R H Baker et al. Trop Med Parasitol. 1986 Dec.

Abstract

The distribution of onchocerciasis and its vectors in Sudan has been reviewed with special emphasis on the hyperendemic foci where there is serious visual handicap caused by the disease. These blinding foci lie primarily in the south-west of the country, along the rivers flowing north and east from the borders with Central African Republic and Zaire, though at least one such focus is known from the eastern part of the country close to the Ethiopian border.
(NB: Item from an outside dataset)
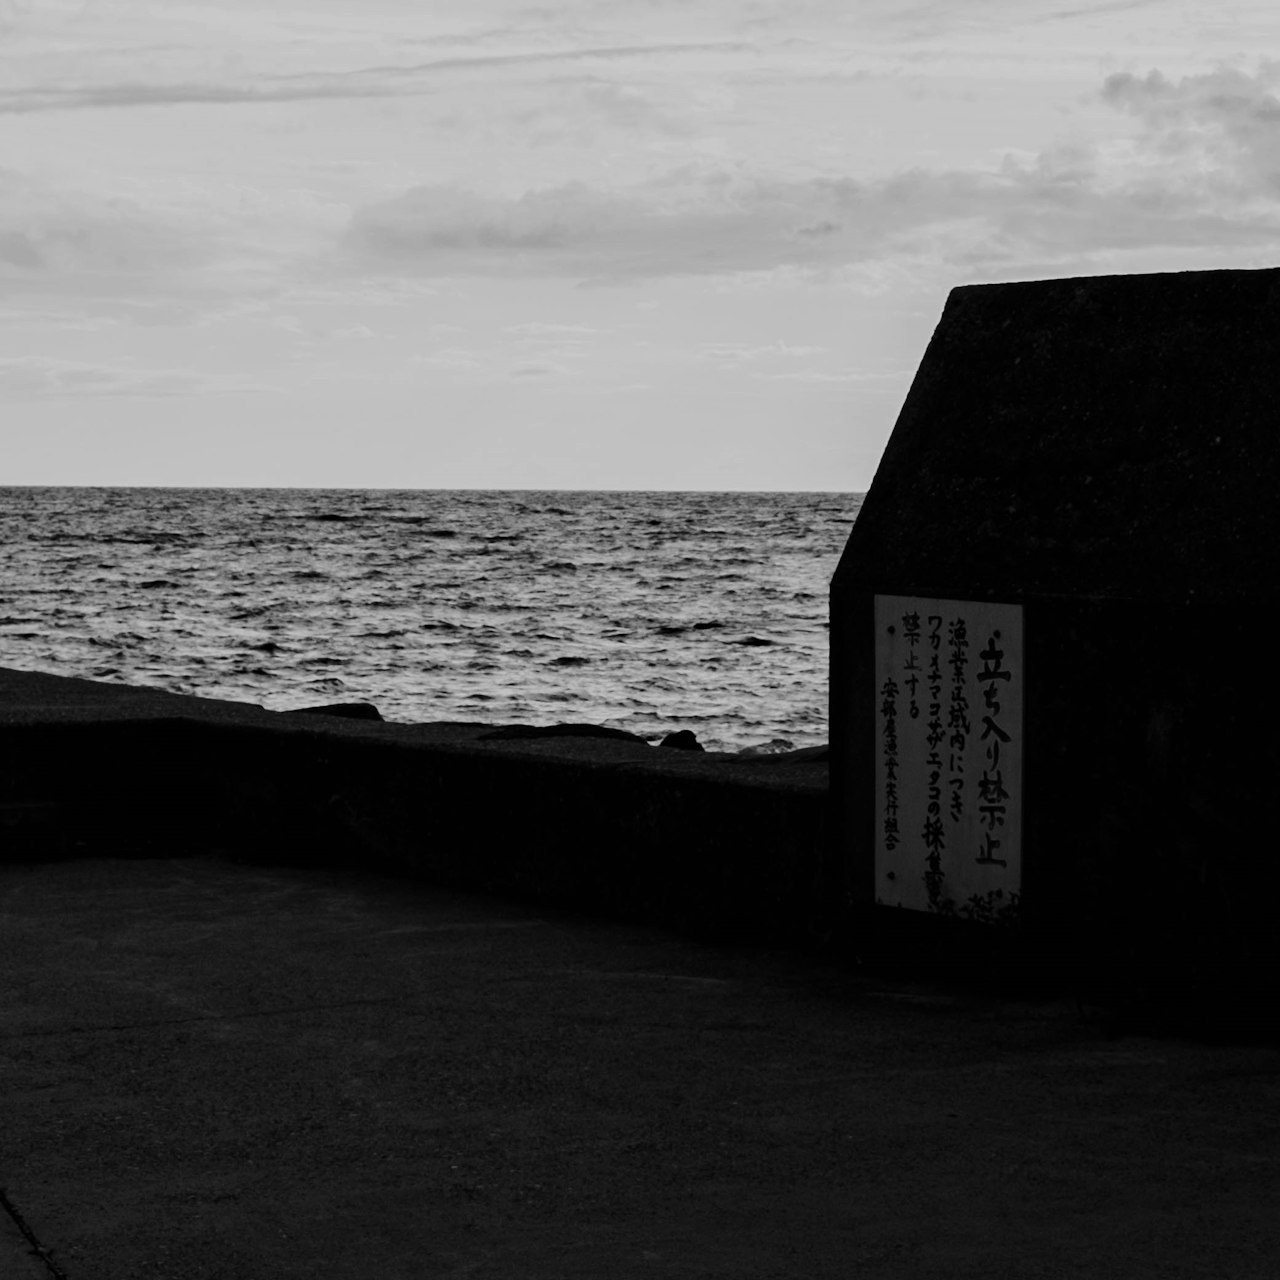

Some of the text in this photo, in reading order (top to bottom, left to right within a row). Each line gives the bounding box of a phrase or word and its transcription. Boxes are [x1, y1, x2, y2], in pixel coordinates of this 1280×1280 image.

[902, 611, 922, 720] 禁止する
[976, 637, 1011, 868] 立ち入り禁止
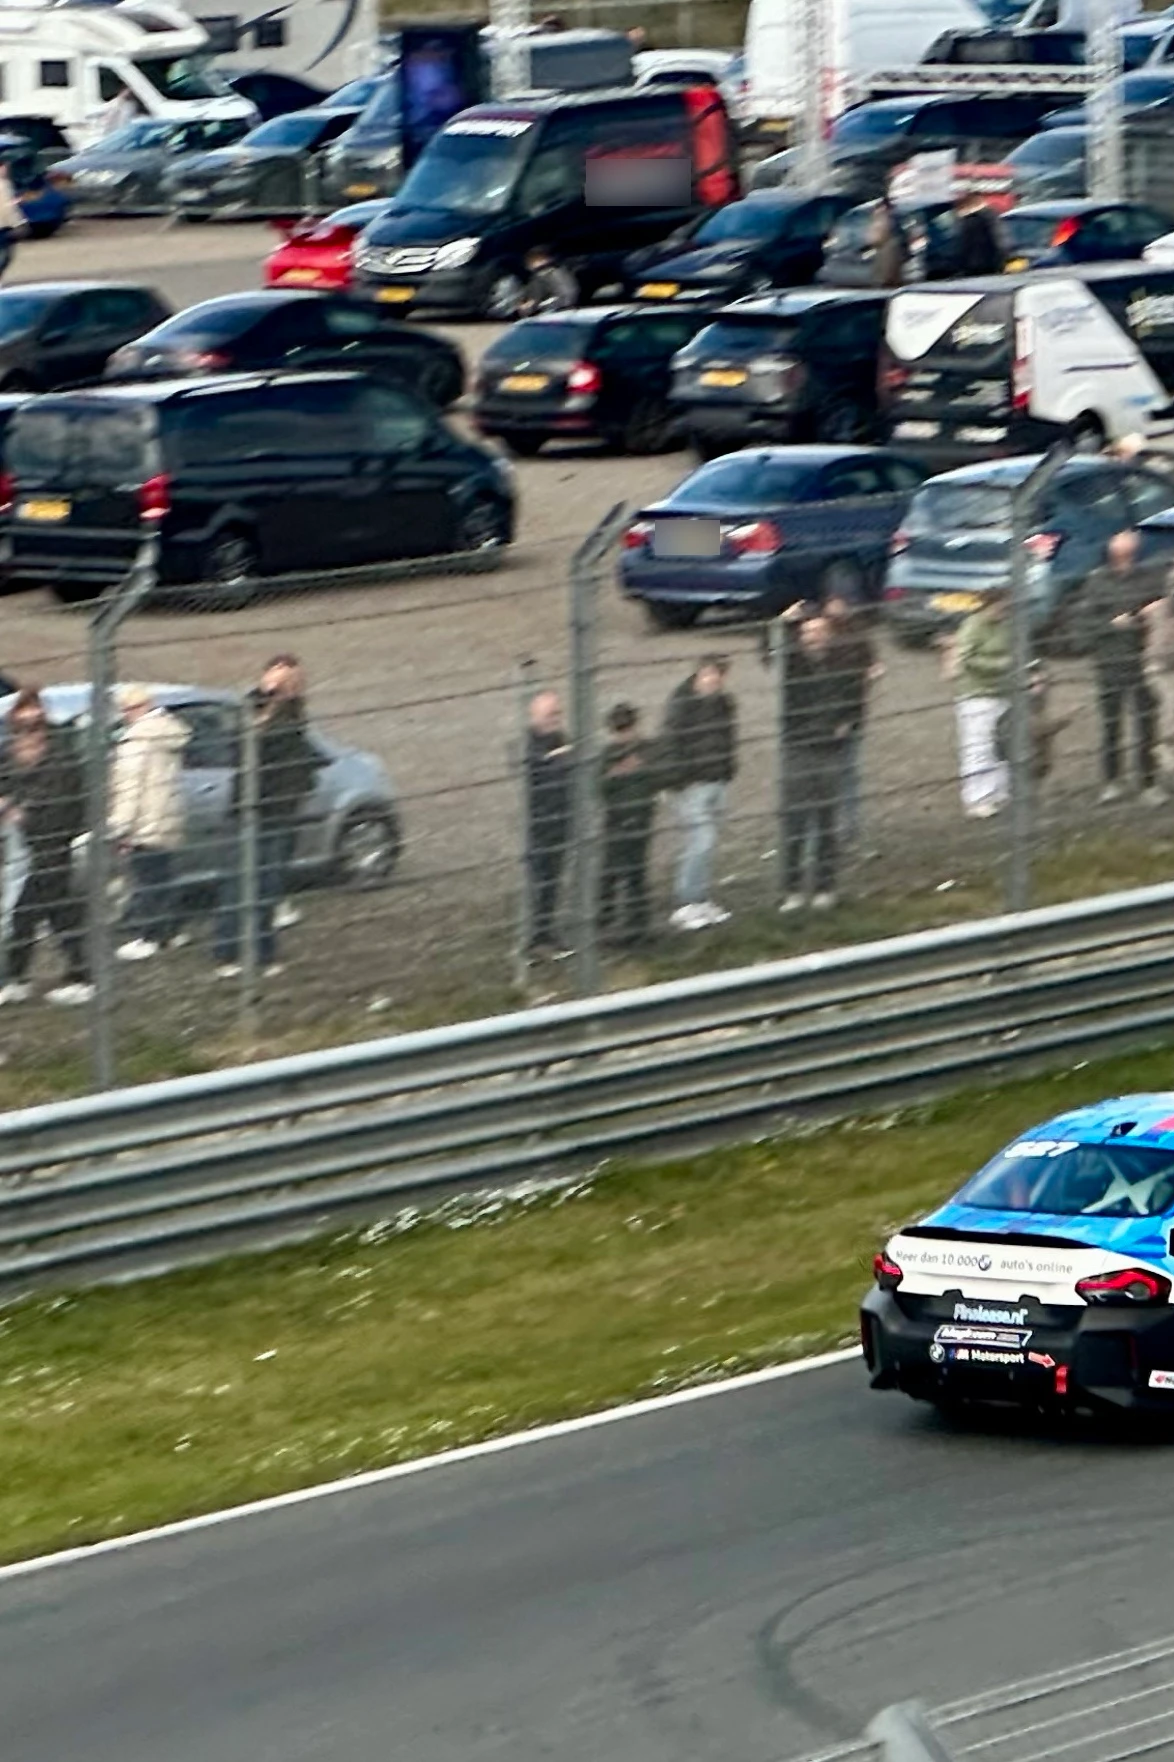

In the blinding foci, often small villages localized to short stretches of the rivers, ocular onchocerciasis is as severe as that found in any other African foci. Only the S. damnosum s.l. species complex has been implicated in disease transmission and only the two dangerous, morphologically similar, savanna cytospecies, S. damnosum s.s. and S. sirbanum, have been identified from breeding sites close to known onchocerciasis foci. Near to the Uganda and Zaire borders it is very likely that other, less anthropophilic, cytospecies occur. Different Onchocerca-Simulium complexes (different strains of parasite with different pathogenicities transmitted by different vector species) may be responsible for the different severities of disease found in the 3 main areas of onchocerciasis in North, East and South-West Sudan. The localized, focal distribution of the communities seriously blinded by onchocerciasis, suggests that a strategy of tackling the disease on a focus basis may prove optimal. A control scheme, planned to treat all the vector breeding sites with insecticide, as in West Africa, would receive extensive invasion from the Zaire/Congo River Basin and the headwaters of the White and Blue Niles in neighbouring countries. While some foci are situated beside major river rapids, with vector breeding only controllable by regular insecticide treatments, several foci have been identified as lying close to removable man-made objects which provide excellent breeding sites at certain water levels e.g. causeways. The destruction of such breeding sites should be considered since localized vector control may produce substantial reductions in onchocerciasis transmission.